「(名前ちゃん、どうか無事でいてくれ……!)」
その気持ちで一心不乱に探し続けてくれる彼。そしてついに恋人のいる場所まで辿り着くと、目に入ってきた光景に瞠目する。しかしそれも一瞬、次には拳を握りしめ、
「それ以上、汚ぇ手でその子に触れるんじゃねぇ!」
そう叫んで男を殴り飛ばす姿はまさに勇者。彼は相手が怯んだ隙に、こちらを庇うように前に立つと、ファイテングポーズを取る。
「…てめぇら、ぶちのめされる覚悟はできてんだろうな」
強い眼光で睨みつける彼に、相手は凄む。1:1では分が悪いと集団で彼に攻撃を仕掛けるが、彼はそれを物とも
せず、あっという間に全員を戦闘不能にさせる。
誰も立ち上がれなくなったことを確認すると、彼はこちらの前に来てしゃがみ込んで。引き裂かれた服や諸々を見て息飲むも、自らのジャケットを羽織らせて、優しく抱き締めてくれる。

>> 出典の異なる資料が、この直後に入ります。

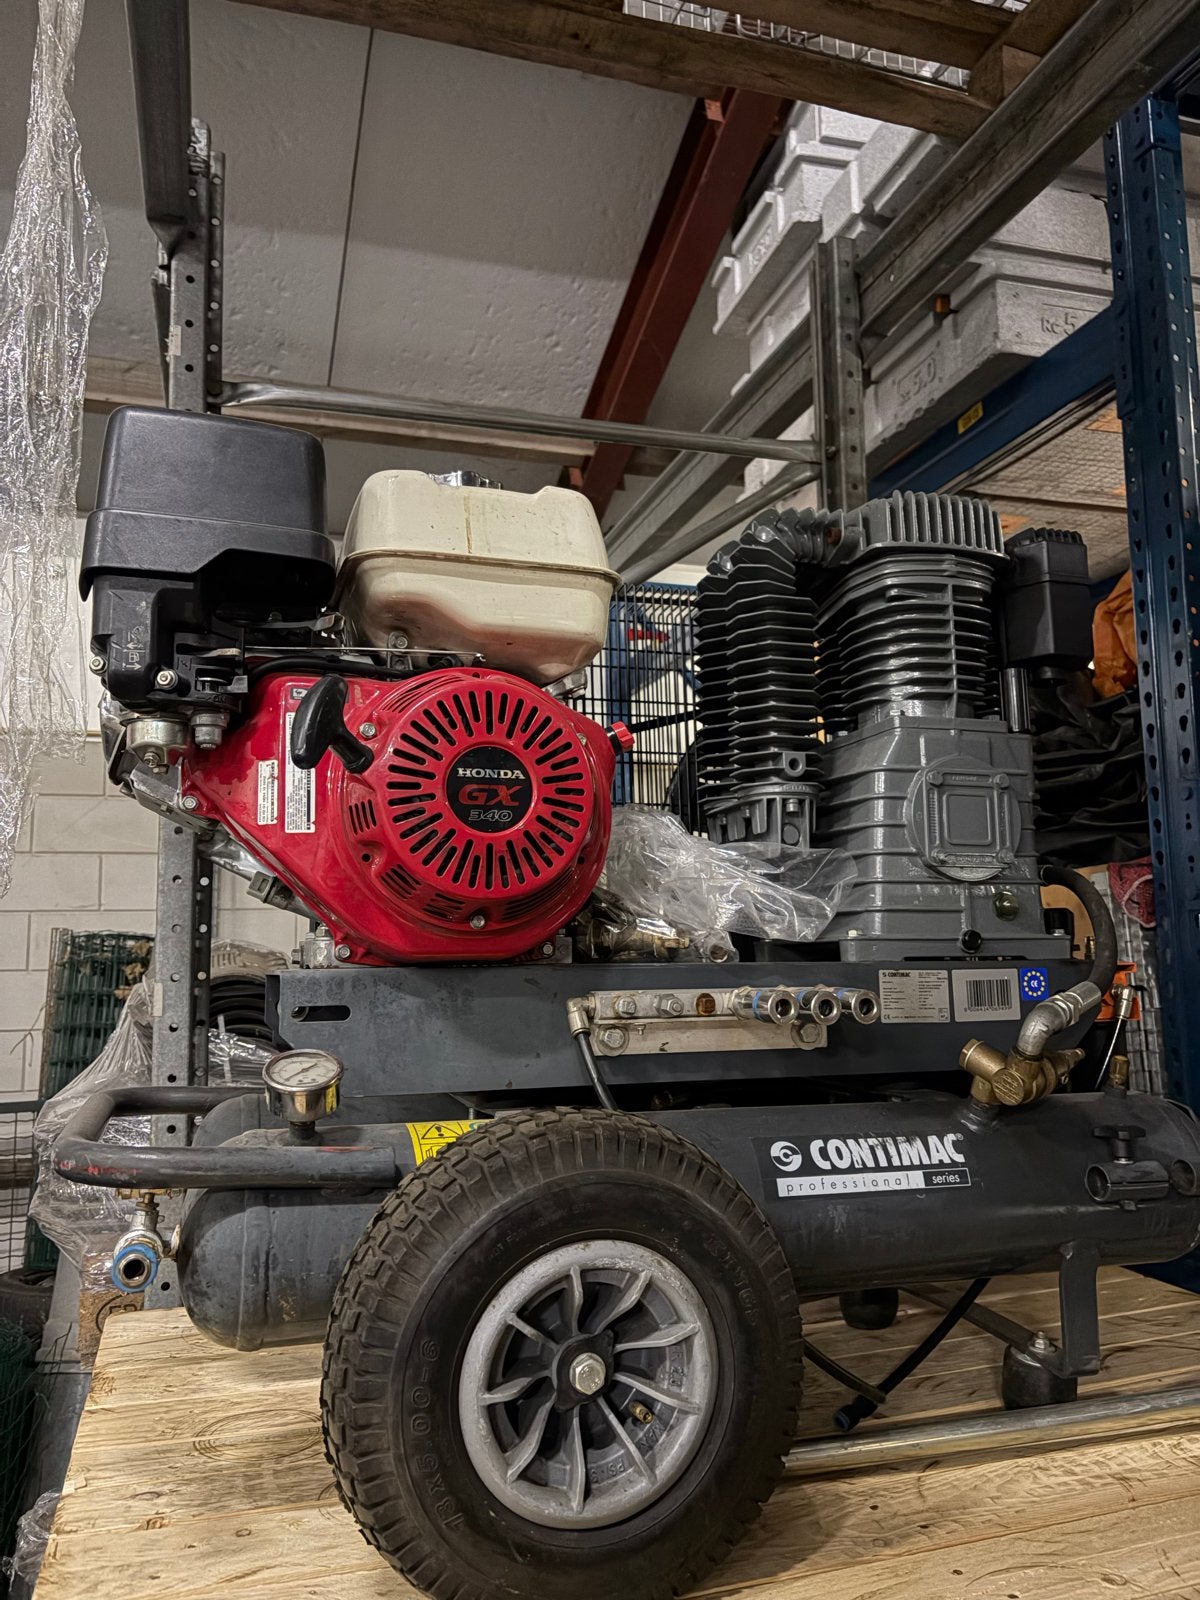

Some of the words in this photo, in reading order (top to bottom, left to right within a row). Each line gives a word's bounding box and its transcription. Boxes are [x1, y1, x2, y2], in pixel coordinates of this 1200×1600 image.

[457, 767, 526, 779] HONDA
[458, 784, 523, 806] GX
[468, 809, 513, 822] 340
[786, 1173, 910, 1196] professional
[932, 1173, 961, 1185] series

「…遅くなって、本当にすまねぇ。怖かったよな…でも、もう大丈夫だ」
耳元に響く心地よい彼の声は、言葉通りもう大丈夫なのだと感じさせてくれるから、思わず涙が溢れてしまう。年甲斐もなく声を上げて泣いている間も、彼は優しく背中を摩って、こちらが落ち着くまでずっと慰めていてくれる。

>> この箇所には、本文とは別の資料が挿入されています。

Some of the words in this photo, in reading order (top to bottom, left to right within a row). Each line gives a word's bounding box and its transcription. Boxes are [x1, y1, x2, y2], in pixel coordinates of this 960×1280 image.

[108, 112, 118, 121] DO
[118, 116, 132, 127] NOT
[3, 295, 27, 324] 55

それから家に帰ってシャワーを浴びた後、もう夜中だし寝る流れになるんだけど、
「……サッちゃんとか呼んだ方がいいか?」
なんて唐突に聞いてきて。頭に?マークを浮かべていると、少し迷うような素振りを見せながらも彼は口を開く。
「…本当は俺がそばにいてやりてぇけどよ…あんなことがあった後だ。男といるのは怖ぇんじゃねぇか」
こういう気遣いができるところが、さすが春日一番という男。そんな彼の優しさに胸を温めつつ、
「相手が春日さんなら、大丈夫です。…むしろ、一緒にいて欲しいです」
と嘘偽りない本音を伝えれば、それがちゃんと伝わったのか、
「……へへっ、そうか」
と彼は嬉しそうにはにかんだ。
それからベッドに入った後は、もっと近くにいって大丈夫か、って一々確認してくれるし、襲われたときのことを思い出して涙を流していたら、即座に気づいて抱き締めてくれる彼。救出からアフターケアまでまさに理想の流れすぎて、惚れ直すしかない……。